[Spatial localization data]

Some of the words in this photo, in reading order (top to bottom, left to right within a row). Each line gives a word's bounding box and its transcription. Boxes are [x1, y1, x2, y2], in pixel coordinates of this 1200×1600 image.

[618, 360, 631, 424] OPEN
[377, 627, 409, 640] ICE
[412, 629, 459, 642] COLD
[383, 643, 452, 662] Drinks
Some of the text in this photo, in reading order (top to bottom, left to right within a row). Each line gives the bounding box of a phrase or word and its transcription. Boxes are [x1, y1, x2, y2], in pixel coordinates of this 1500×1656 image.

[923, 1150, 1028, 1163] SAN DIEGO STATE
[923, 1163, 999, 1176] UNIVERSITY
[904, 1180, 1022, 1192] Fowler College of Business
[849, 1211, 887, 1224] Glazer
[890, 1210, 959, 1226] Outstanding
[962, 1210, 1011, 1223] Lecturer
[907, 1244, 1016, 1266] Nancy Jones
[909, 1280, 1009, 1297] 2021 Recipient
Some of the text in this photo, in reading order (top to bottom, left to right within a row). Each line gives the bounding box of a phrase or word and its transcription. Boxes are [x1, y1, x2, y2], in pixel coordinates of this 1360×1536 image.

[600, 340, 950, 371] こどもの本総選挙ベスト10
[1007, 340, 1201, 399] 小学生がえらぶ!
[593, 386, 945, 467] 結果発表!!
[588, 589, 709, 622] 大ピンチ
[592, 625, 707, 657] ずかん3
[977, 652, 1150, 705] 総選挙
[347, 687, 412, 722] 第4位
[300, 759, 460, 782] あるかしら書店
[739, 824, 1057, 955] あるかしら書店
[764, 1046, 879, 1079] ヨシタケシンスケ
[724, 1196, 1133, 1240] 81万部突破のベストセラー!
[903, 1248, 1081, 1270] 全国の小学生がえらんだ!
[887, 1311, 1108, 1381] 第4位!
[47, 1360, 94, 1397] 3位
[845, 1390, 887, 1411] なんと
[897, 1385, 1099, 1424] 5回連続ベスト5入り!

Exercise goal ▸ Exact repetition of every entry in the data is required.

Answer box ▸
Some of the words in this photo, in reading order (top to bottom, left to right within a row). Each line gives a word's bounding box and its transcription. Boxes are [x1, y1, x2, y2], in pixel coordinates of this 1200×1600 image.

[618, 360, 631, 424] OPEN
[377, 627, 409, 640] ICE
[412, 629, 459, 642] COLD
[383, 643, 452, 662] Drinks
Some of the text in this photo, in reading order (top to bottom, left to right within a row). Each line gives the bounding box of a phrase or word and its transcription. Boxes are [x1, y1, x2, y2], in pixel coordinates of this 1500×1656 image.

[923, 1150, 1028, 1163] SAN DIEGO STATE
[923, 1163, 999, 1176] UNIVERSITY
[904, 1180, 1022, 1192] Fowler College of Business
[849, 1211, 887, 1224] Glazer
[890, 1210, 959, 1226] Outstanding
[962, 1210, 1011, 1223] Lecturer
[907, 1244, 1016, 1266] Nancy Jones
[909, 1280, 1009, 1297] 2021 Recipient
Some of the text in this photo, in reading order (top to bottom, left to right within a row). Each line gives the bounding box of a phrase or word and its transcription. Boxes are [x1, y1, x2, y2], in pixel coordinates of this 1360×1536 image.

[600, 340, 950, 371] こどもの本総選挙ベスト10
[1007, 340, 1201, 399] 小学生がえらぶ!
[593, 386, 945, 467] 結果発表!!
[588, 589, 709, 622] 大ピンチ
[592, 625, 707, 657] ずかん3
[977, 652, 1150, 705] 総選挙
[347, 687, 412, 722] 第4位
[300, 759, 460, 782] あるかしら書店
[739, 824, 1057, 955] あるかしら書店
[764, 1046, 879, 1079] ヨシタケシンスケ
[724, 1196, 1133, 1240] 81万部突破のベストセラー!
[903, 1248, 1081, 1270] 全国の小学生がえらんだ!
[887, 1311, 1108, 1381] 第4位!
[47, 1360, 94, 1397] 3位
[845, 1390, 887, 1411] なんと
[897, 1385, 1099, 1424] 5回連続ベスト5入り!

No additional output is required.